Records for the exercise:
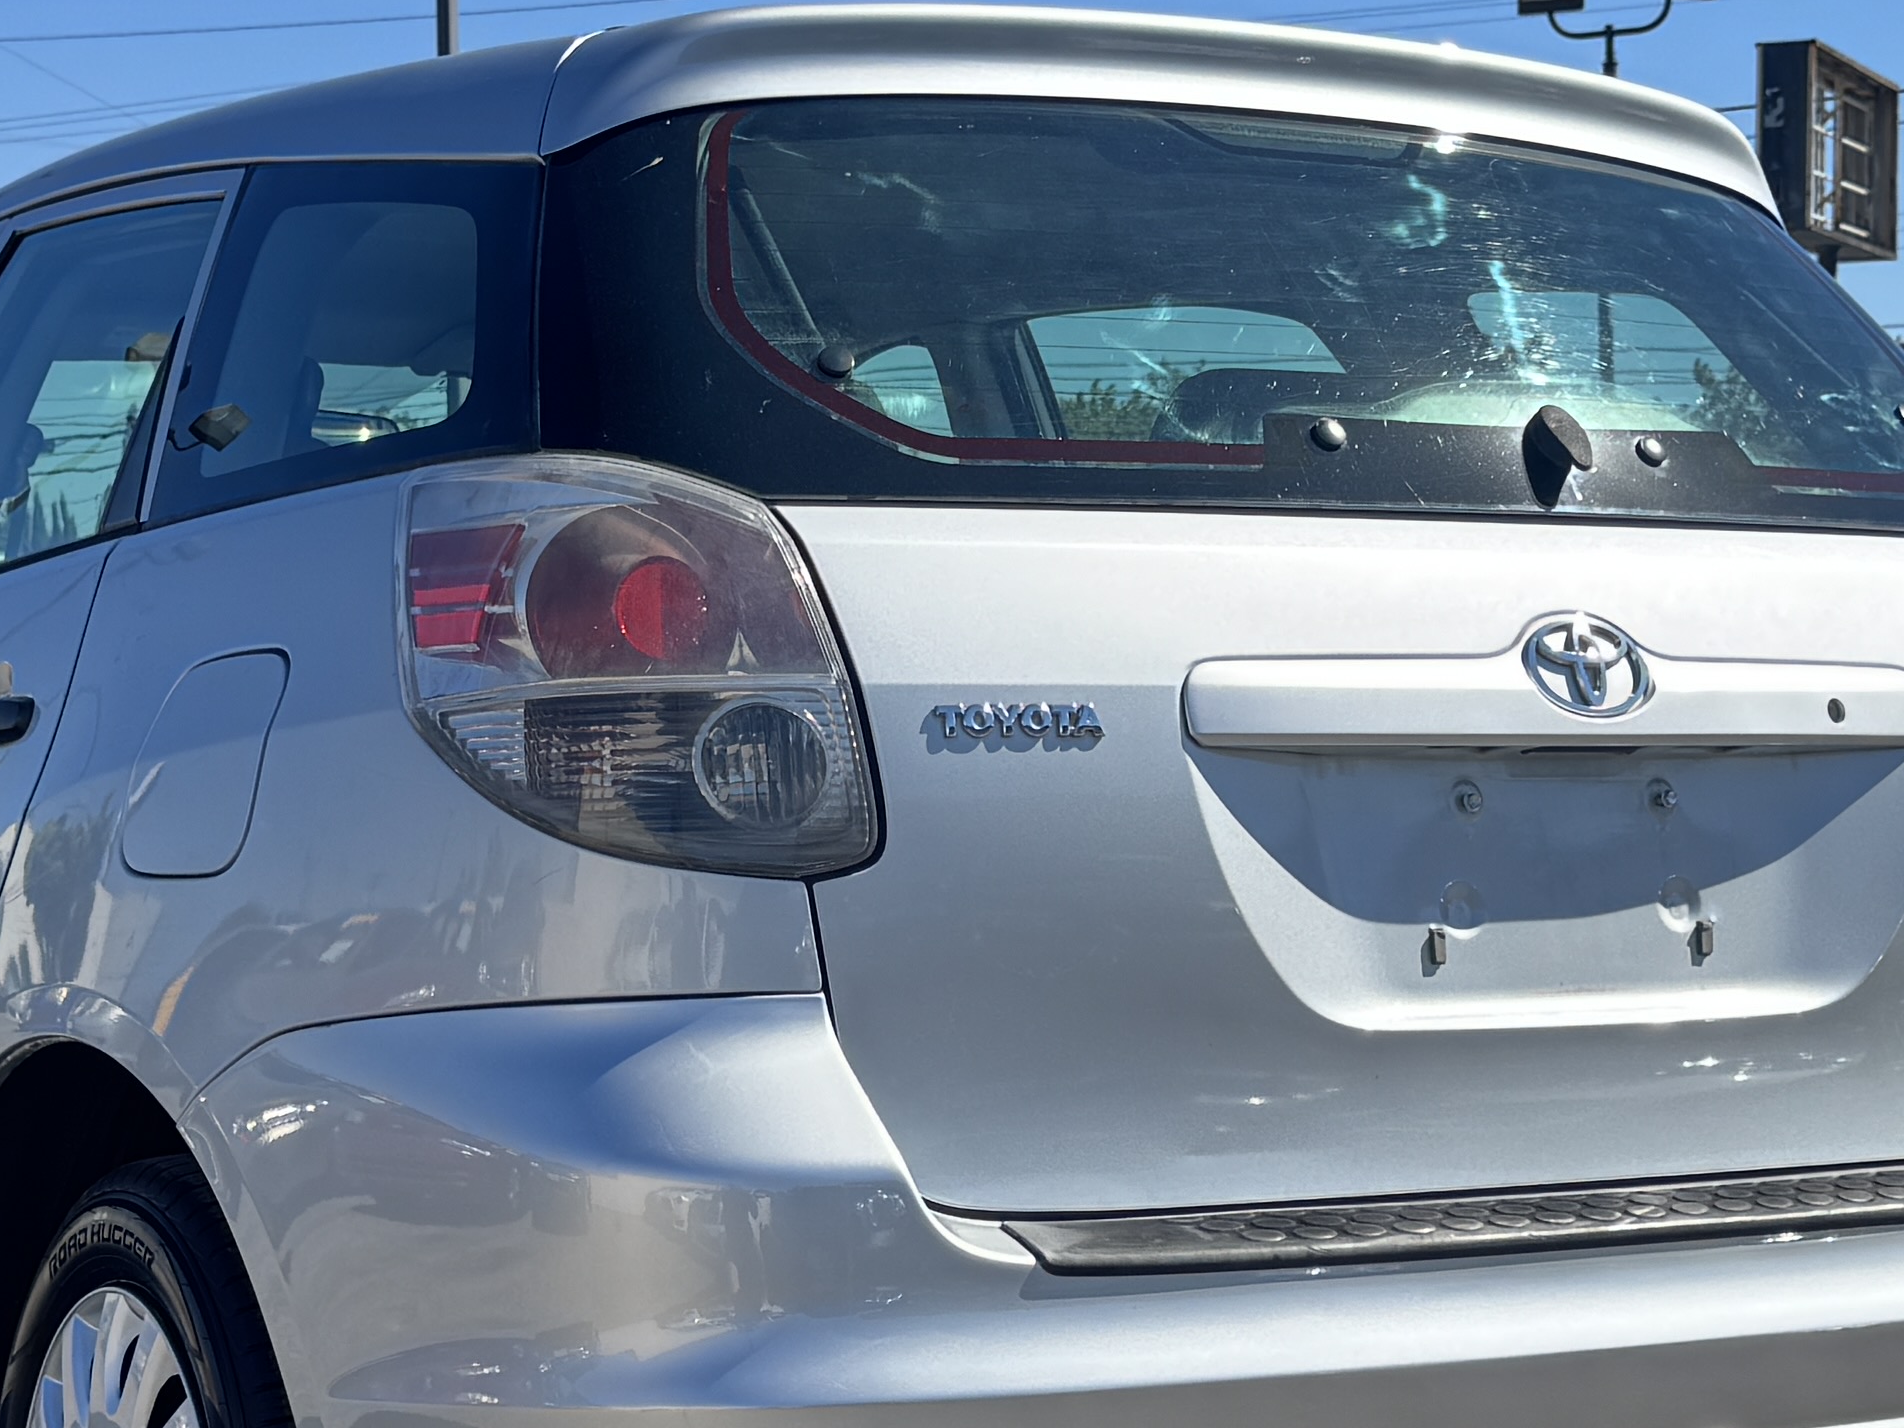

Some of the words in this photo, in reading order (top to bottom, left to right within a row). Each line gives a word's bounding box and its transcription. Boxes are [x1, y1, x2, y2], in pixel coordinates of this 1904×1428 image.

[934, 701, 1105, 738] TOYOTA
[49, 1227, 88, 1280] ROAD
[91, 1223, 155, 1271] HUGGER
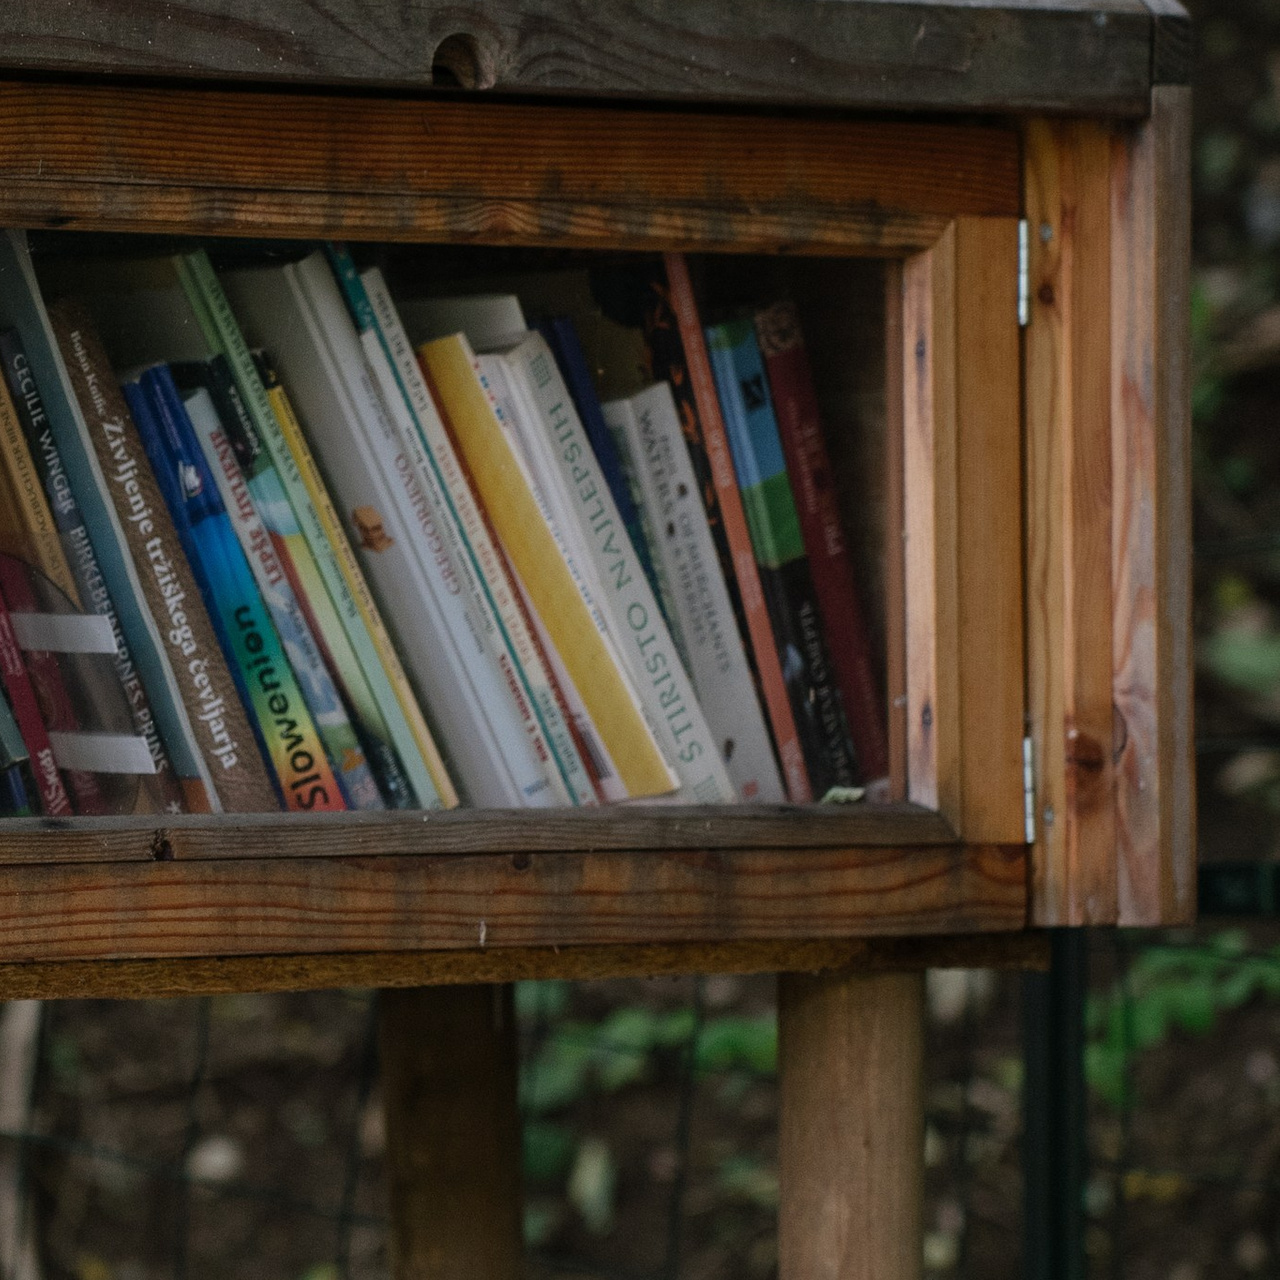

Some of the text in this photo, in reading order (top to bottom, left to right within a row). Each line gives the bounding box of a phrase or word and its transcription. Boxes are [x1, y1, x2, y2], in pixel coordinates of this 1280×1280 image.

[9, 351, 46, 424] CECILIE
[35, 427, 77, 513] WINGER
[99, 413, 240, 770] Življenje tržiškega čevljarja
[232, 604, 331, 813] Slowenien
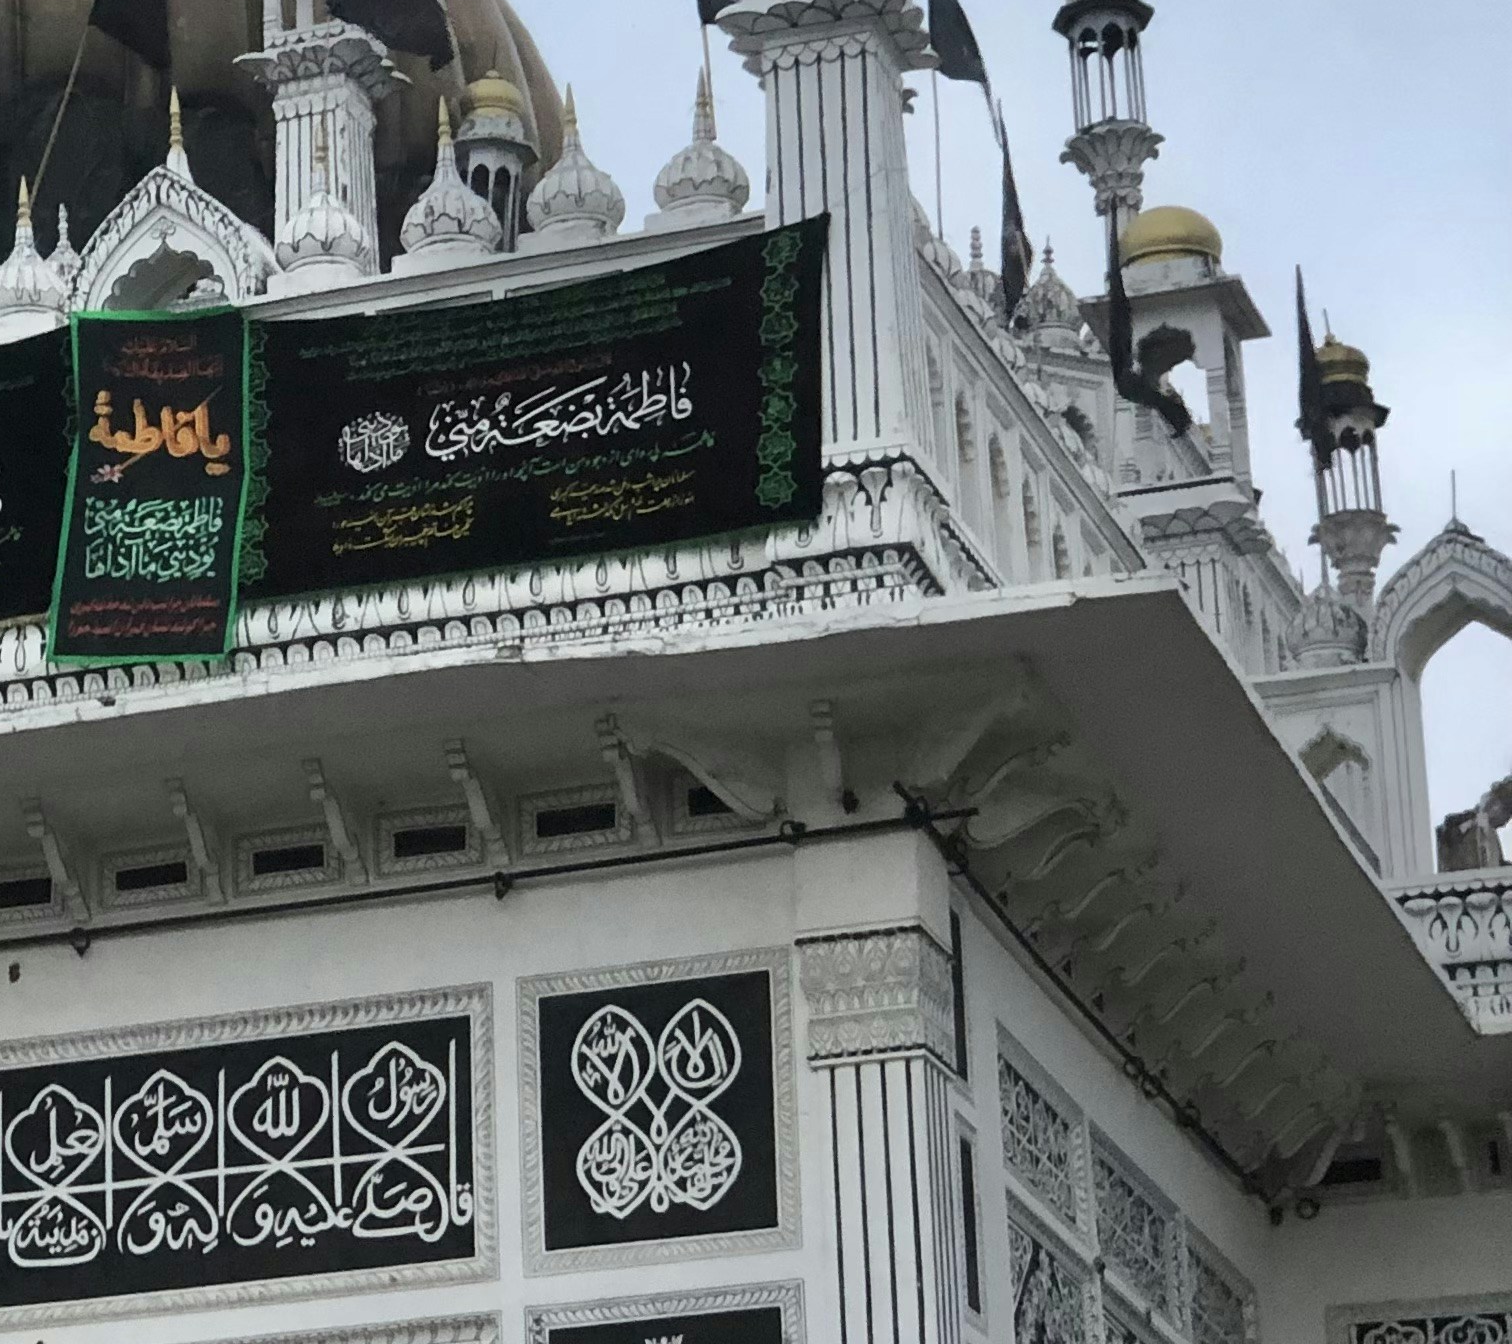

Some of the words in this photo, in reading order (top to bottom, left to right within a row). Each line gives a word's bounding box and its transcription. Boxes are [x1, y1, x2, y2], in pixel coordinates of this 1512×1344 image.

What the exercise asks: Begin at the line containing "Some of the text" and transcribe exactly every line through the end of the records, both ends included, leaving the pictures out.

Solution to this exercise:
Some of the text in this photo, in reading order (top to bottom, left to right within a row). Each line gives the bounding box of a phrase or word and its transcription. Boxes are [x1, y1, x2, y2], in pixel coordinates of this 1280×1280 image.

[9, 351, 46, 424] CECILIE
[35, 427, 77, 513] WINGER
[99, 413, 240, 770] Življenje tržiškega čevljarja
[232, 604, 331, 813] Slowenien

Some of the words in this photo, in reading order (top to bottom, left to right within a row). Each line gives a word's bounding box and its transcription. Boxes are [x1, y1, x2, y2], in pixel coordinates of this 1512×1344 image.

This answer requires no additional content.